We’ve once again updated the Guide to Mitigating the Risk of Infection in Veterinary Practices During the COVID-19 Pandemic (14-Apr-2021)It can also be accessed through the Ontario Veterinary Medical Association Coronavirus FAQ webpage (member login required).

I’ll be happy when we can stop updating these guidelines. Progress is good and adding new information is useful. I just long for the day when we don’t need them.

Previous versions of the guidance and other related documents can be found on the Worms & Germs COVID-19 Veterinary Resources page.

I’ve taken a look back at some posts from the start of the COVID-19 pandemic, to see how my thoughts have evolved, what I got right and what I screwed up. We have a lot of COVID-19 posts (starting from when we called it “novel coronavirus” or “Wuhan coronavirus” before the SARS-CoV-2 terminology existed). Here are some highlights and “grading” of my comments from a selection of posts

January 20, 2020 “New coronavirus: Companion animal concerns?”: Very early on I said While this virus still seems to be less transmissible and less virulent than its relative, the SARS coronavirus, it’s pretty early to have a lot of confidence in that.

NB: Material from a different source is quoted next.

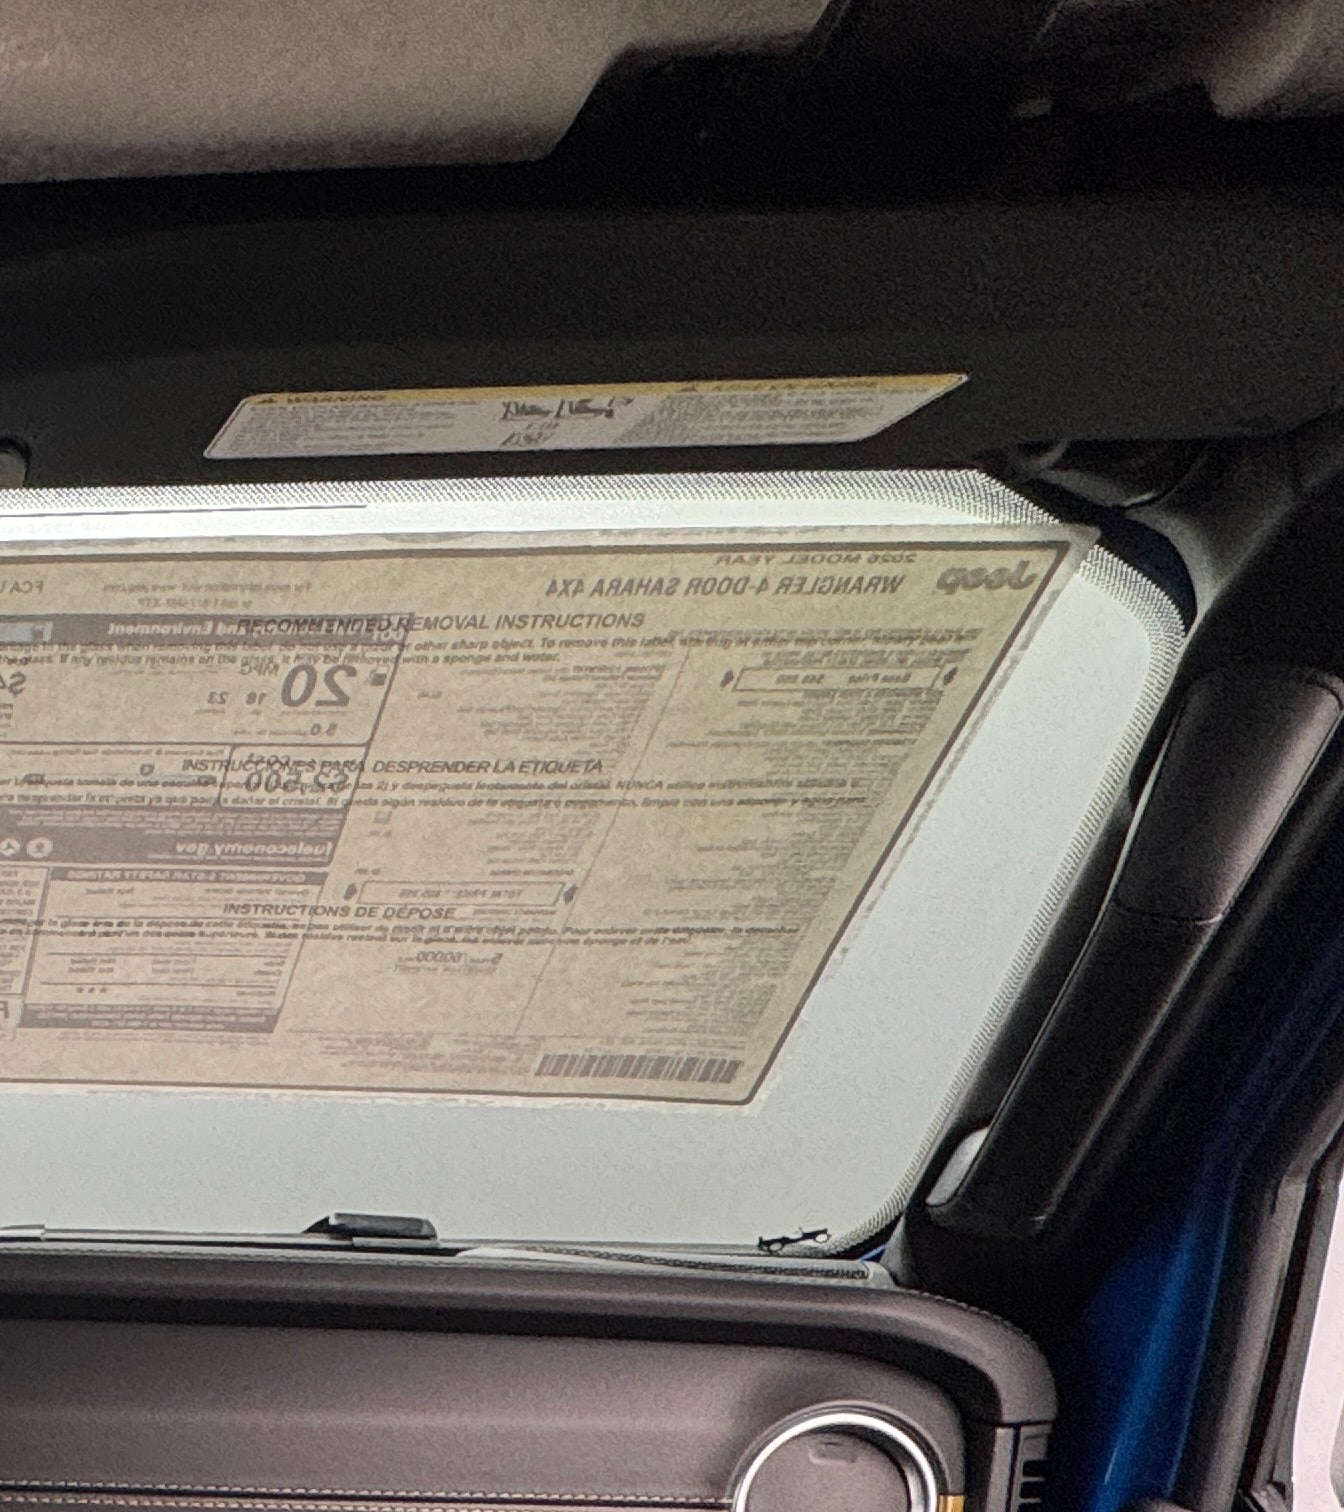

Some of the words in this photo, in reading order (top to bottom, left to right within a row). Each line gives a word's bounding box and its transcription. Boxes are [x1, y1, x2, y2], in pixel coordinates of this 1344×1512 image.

  • Grade B: It turns out SARS-CoV-2 is not less transmissible than the first SARS virus, but I guess I covered myself by saying it was early to have much confidence.

For containment measures for SARS, this new coronavirus or any other new disease, we need to assume that multiple species can be affected until proven otherwise, and we need to act accordingly. That doesn’t necessarily need to be complex. It might just be making sure animal contact questions are asked along with human contact questions, that quarantine protocols consider what to do with exposed animals, and that quarantined individuals are kept away from animals. 

  • Grade A: This turned out to be a fairly accurate statement, but fortunately risks from animals seem to be pretty limited (let’s hope this statement holds up). This is also around the time I sent some (essentially ignored) emails to try to get some consideration of animal aspects in any human exposure response planning here in Ontario.

January 23, 2020 “Novel coronavirus in China… Hold off on blaming snakes”:  In a post talking about how snakes might be the source of SARS-CoV-2, I wasn’t convinced and said I’m sure we’ll see much more genetic analysis of this virus by many different groups, but I suspect it will keep coming back to bats as the source. 

  • Grade A:  A final answer is still needed but this seems correct.

February 5, 2020 “Novel coronavirus and animals”: In talking about whether there’s actually a problem with companion animals, I said we need to focus on ensuring exposed animals are quarantined, using good old fashioned infection control like hand washing, keeping fear at bay and applying logic to the problem.

  • Grade B+: I’ll dock myself some marks on this one since it was focused on dogs. To be fair, the post was about concerns regarding over-reaction and euthanasia or abandonment of dogs, but it didn’t get into the bigger risks we now know are present with other species.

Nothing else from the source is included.